There are currently two places where len is mutable.    They are parts 
where i did not believe that i had the expertise to rewrite the double 
int code.    They are in the conversion to and from float and the 
conversion to and from fixed.    In those cases the api is exposed so 
that wide-ints could be built.    I did not think that such temporary 
scaffolding would be the source of ridicule.

All of the uses of wide int as integers are truly functional.

>
>>   I still don't
>> see why a full-precision 2*HOST_WIDE_INT operation (or a full-precision
>> X*HOST_WIDE_INT operation for any X) has any special meaning.
> Well, the same reason as a HOST_WIDE_INT variable has a meaning.

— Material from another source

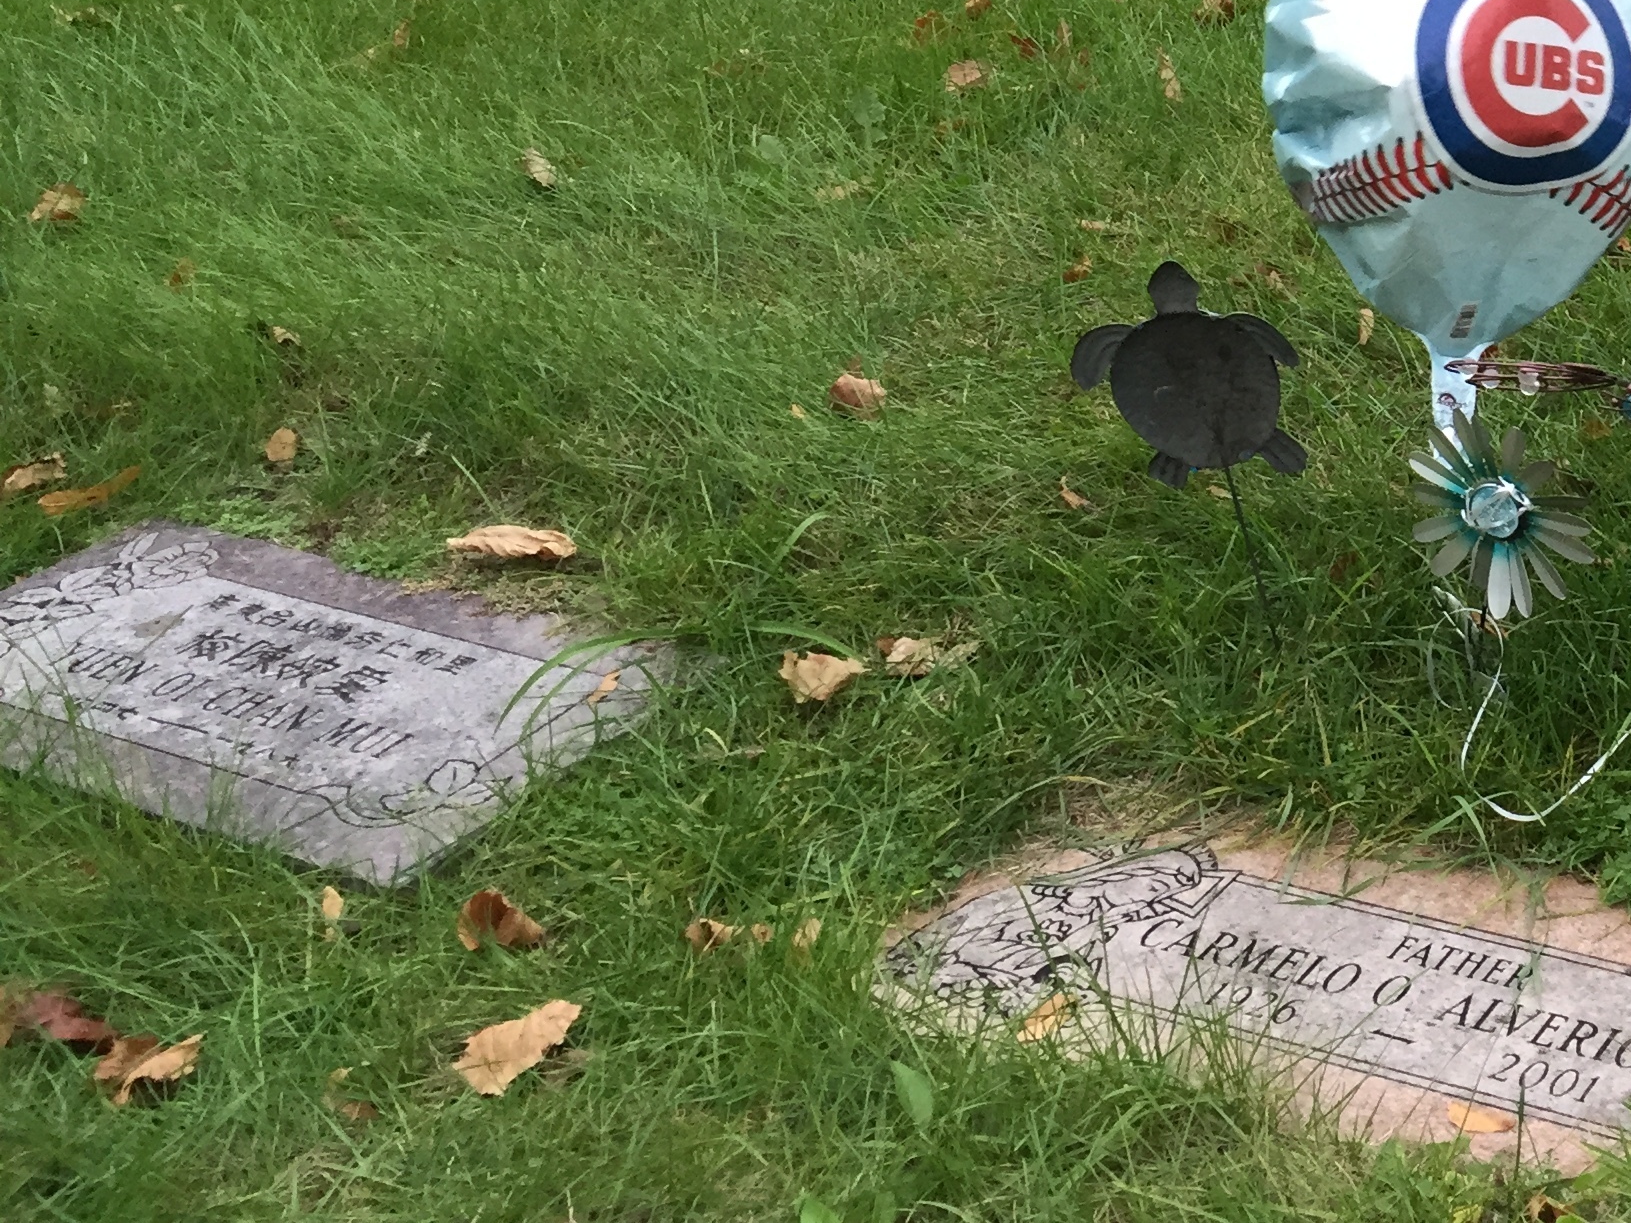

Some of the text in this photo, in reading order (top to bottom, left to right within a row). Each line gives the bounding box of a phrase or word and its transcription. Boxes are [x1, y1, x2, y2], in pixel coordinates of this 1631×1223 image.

[50, 642, 415, 759] YUEN OI CHAN MUI
[1140, 918, 1362, 995] CARMELO
[1386, 935, 1534, 991] FATHER
[1489, 1052, 1601, 1103] 2001

> We use it to constrain what we (efficiently) want to work on.  For example
> CCP might iterate up to 2 * HOST_BITS_PER_WIDE_INT times when
> doing bit-constant-propagation in loops (for TImode integers on a x86_64 host).
>
> Oh, and I don't necessary see a use of double_int in its current form
> but for an integer representation on the host that is efficient to manipulate
> integer constants of a target dependent size.  For example the target
> detail that we have partial integer modes with bitsize > precision and that
> the bits > precision appearantly have a meaning when looking at the
> bit-representation of a constant should not be part of the base class
> of wide-int (I doubt it belongs to wide-int at all, but I guess you know more
> about the reason we track bitsize in addition to precision - I think it's
> abstraction at the wrong level, the tree level does fine without knowing
> about bitsize).
>
> Richard.
>
>> Richard